The scene sped up again. The boy leaped through the air and grabbed a sword from the wall. Maddened, his eyes red with bloodlust, he rushed through the house, massacring everyone he met. Even Hui, along for the ride, felt disgust at the blood splattering over the boy and staining the walls. The second wife fell. The servants fell. His once-betrothed and her servants all fell. He searched for the younger brother, but couldn’t find him, and instead charged back into the hall.

At last, they stood before the kid’s father again. Chest heaving, the boy stood before his father, bloody sword in hand. He’d killed without technique, slashing randomly. If not for the qi pounding through his veins, powering his every move, he would have been felled by the adults long before now. He lifted his sword, and the scene stopped dead.

Hui felt the weight of the sword, felt the sticky, hot blood on his body. The father stared down at him, frozen in abject horror, his face bloodless. Time had stopped.

So this is it. The end of the illusion. The final decision point. If I don’t make a choice, I’ll be stuck here forever. But if I'm not careful about picking the right choice, I’m sure the illusion will devour me!

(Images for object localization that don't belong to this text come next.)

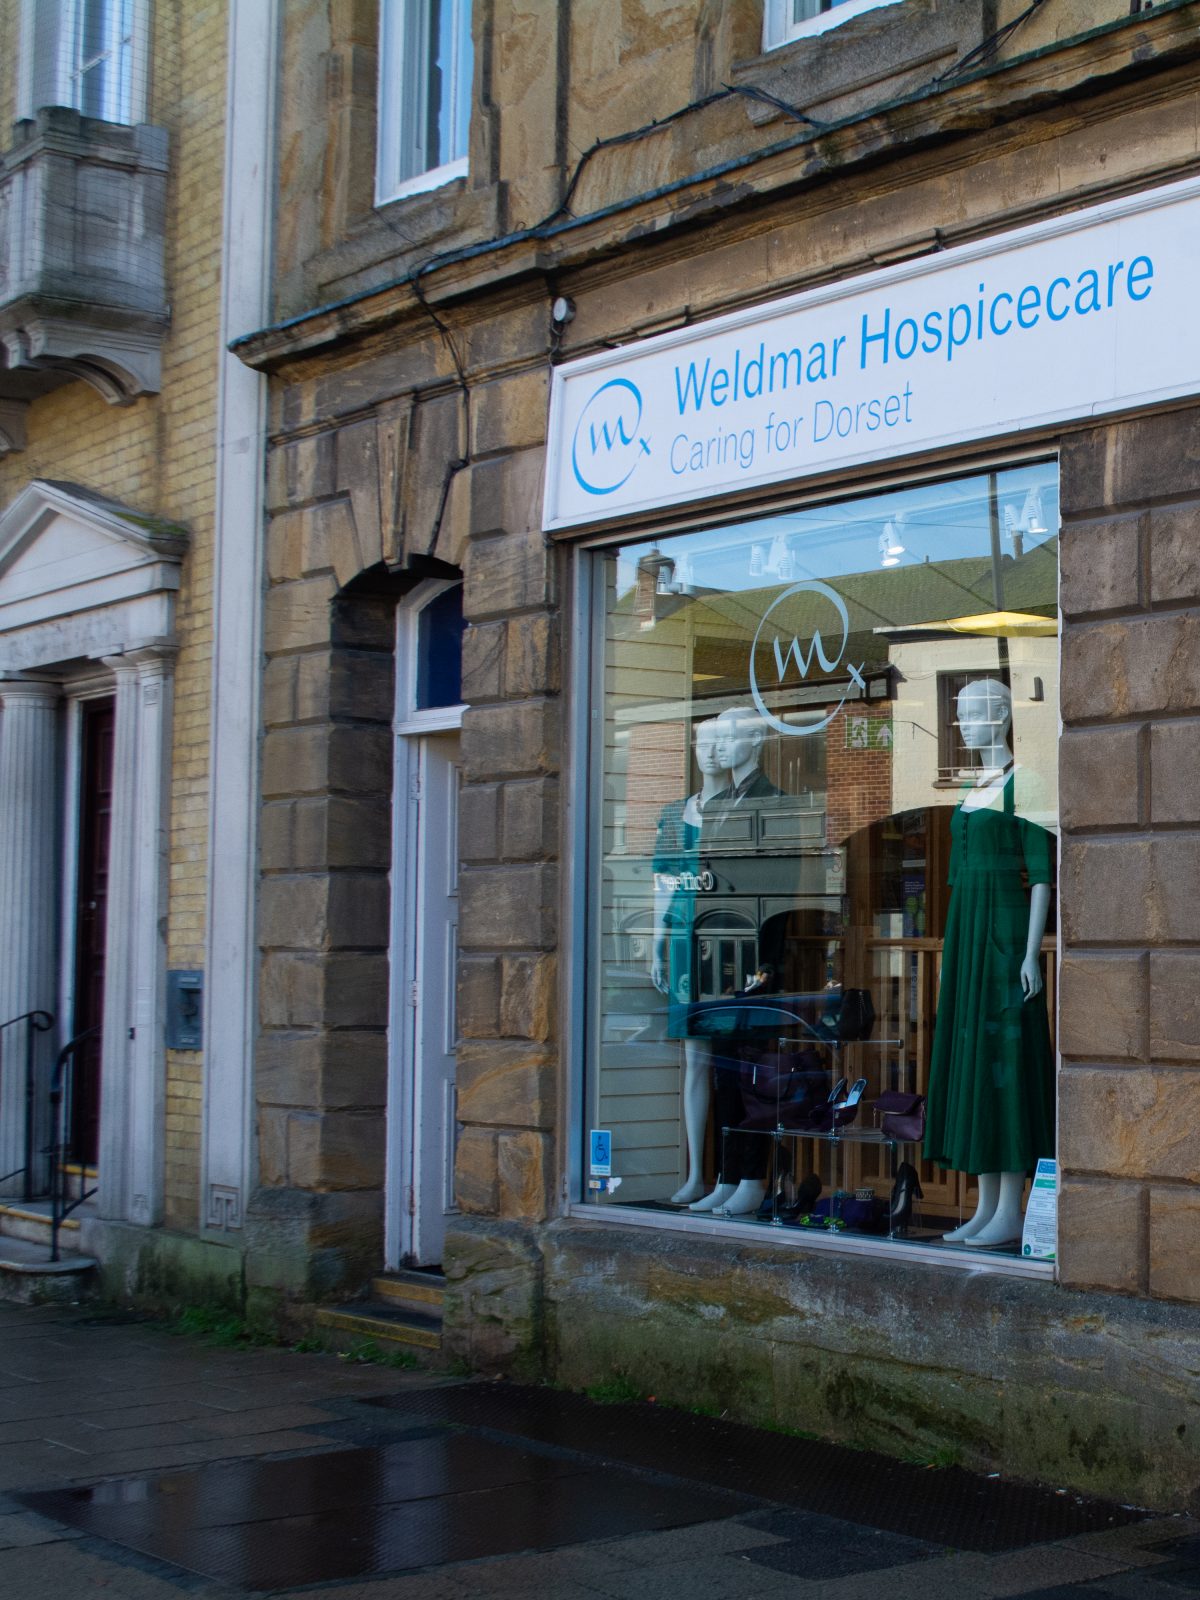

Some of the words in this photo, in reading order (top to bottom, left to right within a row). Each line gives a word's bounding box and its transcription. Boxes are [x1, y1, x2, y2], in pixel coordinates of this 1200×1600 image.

[674, 335, 847, 415] Weldmar
[860, 256, 1155, 369] Hospicecare
[670, 427, 755, 475] Caring
[765, 411, 804, 454] for
[813, 380, 914, 443] Dorset
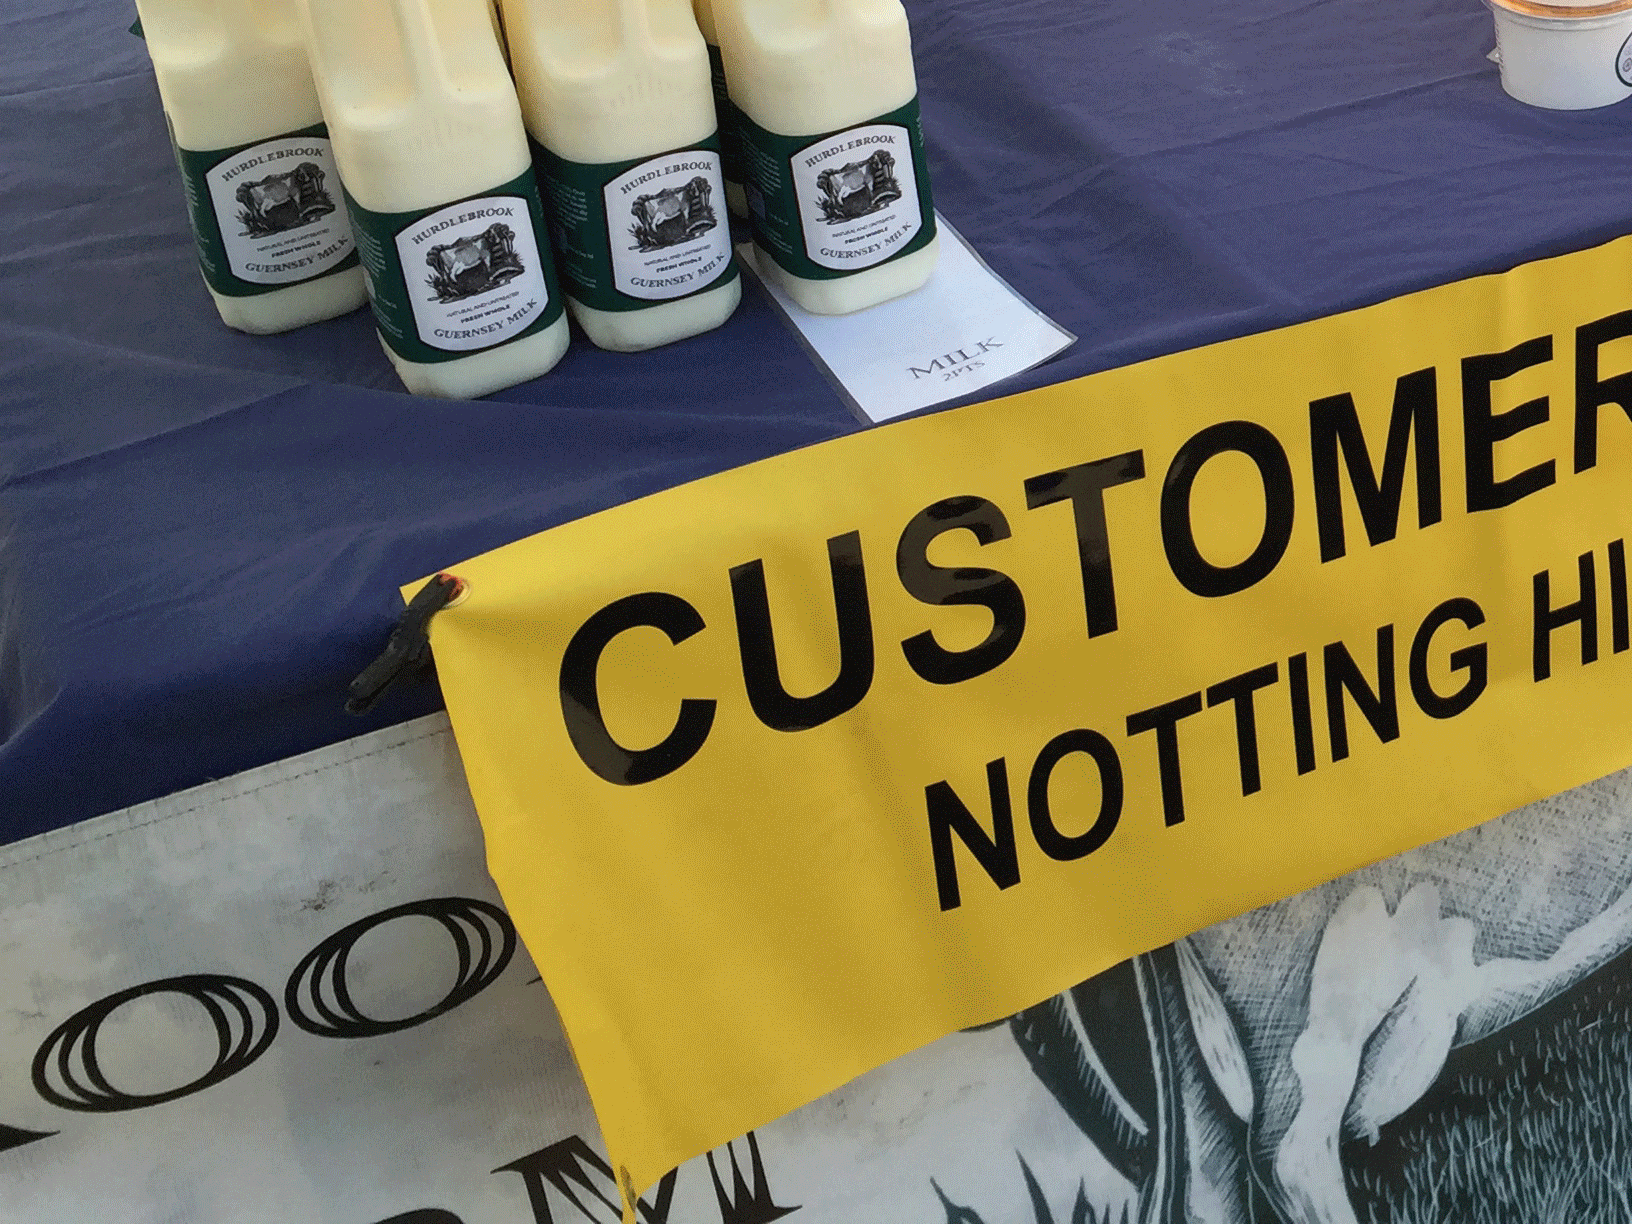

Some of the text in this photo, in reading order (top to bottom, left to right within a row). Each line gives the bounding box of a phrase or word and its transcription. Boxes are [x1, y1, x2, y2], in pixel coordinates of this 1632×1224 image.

[221, 147, 324, 182] HURDLEBROOK
[804, 134, 897, 168] HURDLEBROOK
[620, 161, 713, 195] HURDLEBROOK
[411, 207, 514, 245] HURDLEBROOK
[820, 221, 912, 259] GUERNSEY MILK
[245, 235, 349, 273] GUERNSEY MILK
[630, 251, 726, 288] GUERNSEY MILK
[433, 297, 538, 339] GUERNSEY MILK
[905, 335, 1004, 379] MILK
[943, 359, 986, 382] 2PTS
[923, 597, 1491, 912] NOTTING

Hui’s hands moved on their own, suddenly. The sword lifted to his throat. A second later, it dropped and pointed at the father instead.

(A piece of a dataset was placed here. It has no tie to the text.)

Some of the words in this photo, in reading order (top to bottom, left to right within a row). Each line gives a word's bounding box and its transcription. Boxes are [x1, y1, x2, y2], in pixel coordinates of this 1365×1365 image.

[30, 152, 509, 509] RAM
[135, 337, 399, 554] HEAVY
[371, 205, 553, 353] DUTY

“Is that your answer? Kill yourself, or kill your father?” Hui laughed aloud. “This whole illusion—whoever you are, wherever you are—it’s just to stroke your ego, isn’t it? To assure you that you made the right choice! That there were only two choices!”

Hui pointed the sword at the father, then shook his head. “Wrong. It gets you nothing but more debt… er, I mean… karmic debt. Trust me, kid, there’s no good that comes from your father dying. It’s useless. You can’t escape that way.”

He lifted it to his throat. “So suicide is the only other option you saw? Don’t be ridiculous. Life is precious. You can’t eat delicious food once you’re dead. You can’t meet beauties and befriend heros once you’re dead.”

“No! This Hui refuses! The correct option is the same as it’s always been!” He threw the sword away, then collapsed backward, faking his death.